O parágrafo acima enumera algumas das razões pelas quais a Premier é a liga de eleição mundo fora: os golos espectaculares de fora da área, árbitros que marcam menos faltas que os continentais, o que provoca mais caos e luta incessante; a imprevisibilidade (menor desde que Pep pegou no City). As outras razões pelas quais a Premier é a liga de eleição mundo fora são estruturais: a Premier tem mais dinheiro, pelo que tem os melhores jogadores, os melhores treinadores – e o melhor produto.
Nem sempre foi assim – aliás, foi por não ser assim que a First Division deu lugar à Premier: nas décadas anteriores à inauguração da Premier League o futebol inglês fora banido das competições europeias, à conta do hooliganismo, os clubes ingleses tinham menos dinheiro do que – digamos – os clubes italianos (cuja liga era, então, a rainha) e o futebol praticado era pré-histórico: bola para o mato e luta na lama.
Tal como hoje existe um Big Six, na altura havia um Big Five: Manchester United, Everton, Liverpool, Arsenal e Spurs. E o Big Five sonhava com outra coisa, nomeadamente outro produto, mais dinheiro. A TV por cabo espalhava-se pelo mundo inteiro, e os cinco grandes imaginavam contratos de cedência de direitos televisivos que os tornassem muito mais ricos que os restantes clubes.

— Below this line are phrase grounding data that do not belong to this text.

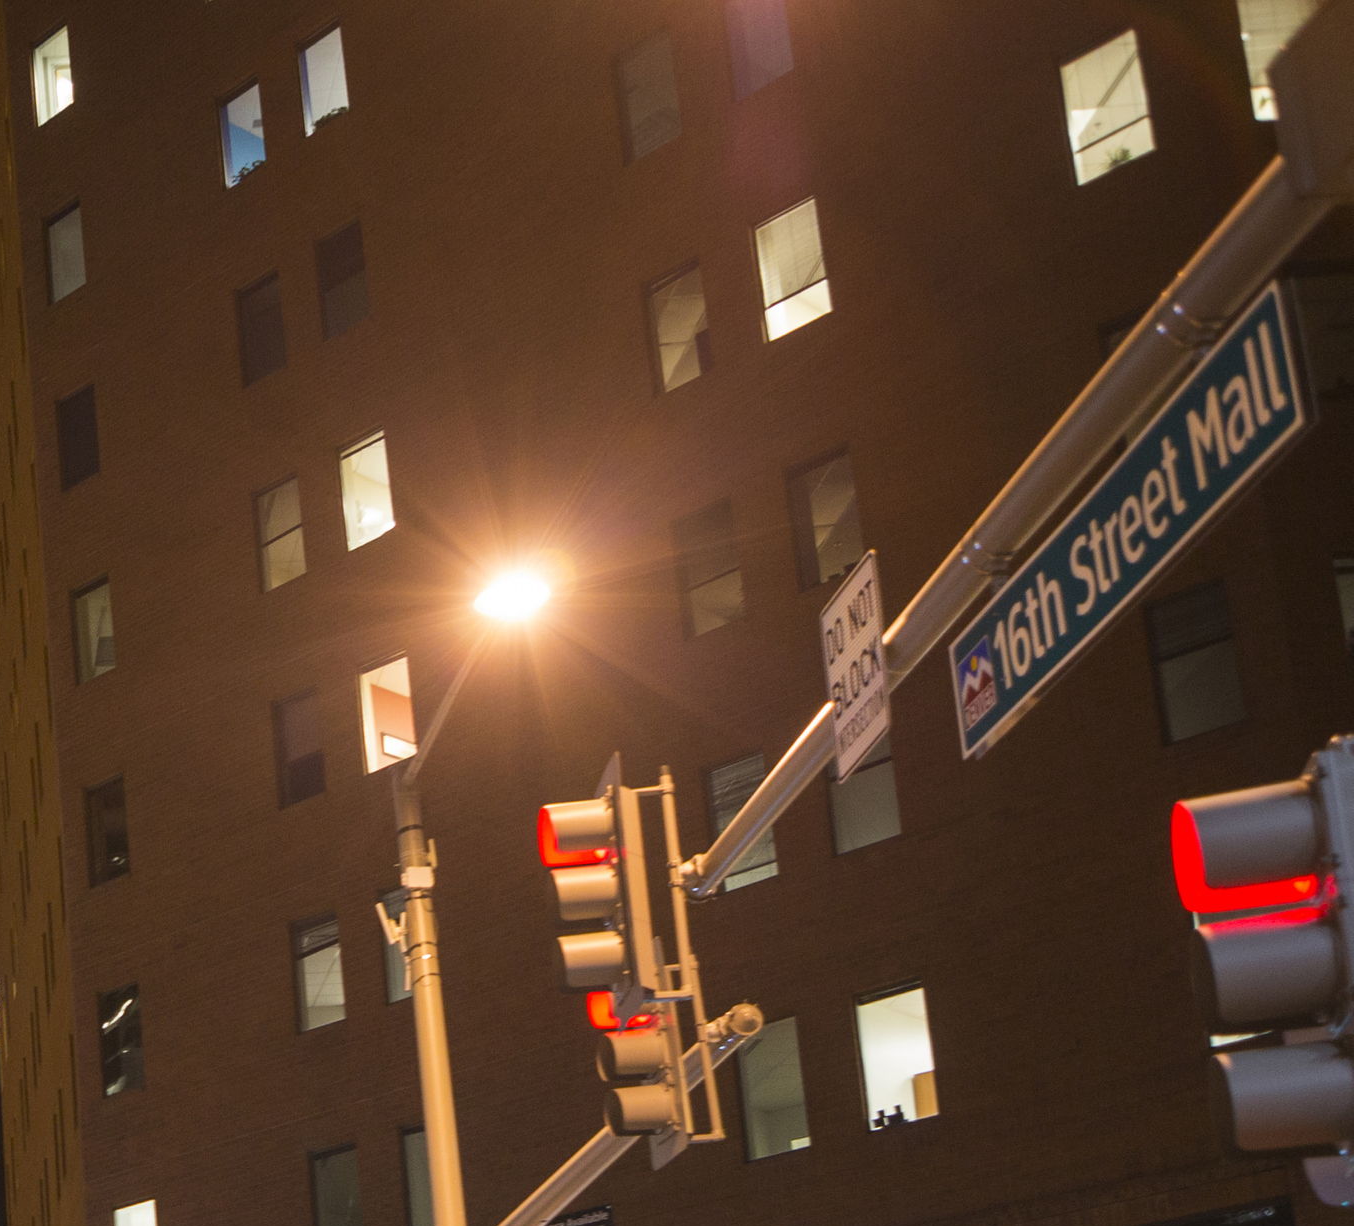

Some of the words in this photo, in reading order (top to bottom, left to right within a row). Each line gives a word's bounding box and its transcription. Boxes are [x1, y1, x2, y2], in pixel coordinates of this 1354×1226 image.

[993, 571, 1067, 690] 16th
[1070, 436, 1187, 617] Street
[1186, 321, 1287, 491] Mall
[825, 617, 844, 666] DO
[848, 579, 874, 640] NOT
[833, 635, 881, 719] BLOCK

Estavam certos no que toca ao dinheiro disponível para transmissões televisivas – a Sky acabou por conquistar os direitos por 304 milhões de libras durante cinco anos (o equivalente, na altura, a cerca de 350 milhões de euros, na moeda atual), correspondentes a 60 jogos por época. Houve quem achasse que a Sky encerraria portas num ano – mas em 1993 teve 63 milhões de libras de lucro. Em 2015 a mesma Sky pagou 4,2 mil milhões de libras por uma parte dos direitos televisivos da Premier – um sinal de que o produto foi sendo vendido a mais e mais países. E nisto a língua importa: nenhum português conseguiria dizer o nome de um jogador chinês, por melhor que o futebol chinês fosse, mas não é assim tão difícil dizer Wayne Rooney, porque toda a gente ao cimo da Terra sabe falar inglês.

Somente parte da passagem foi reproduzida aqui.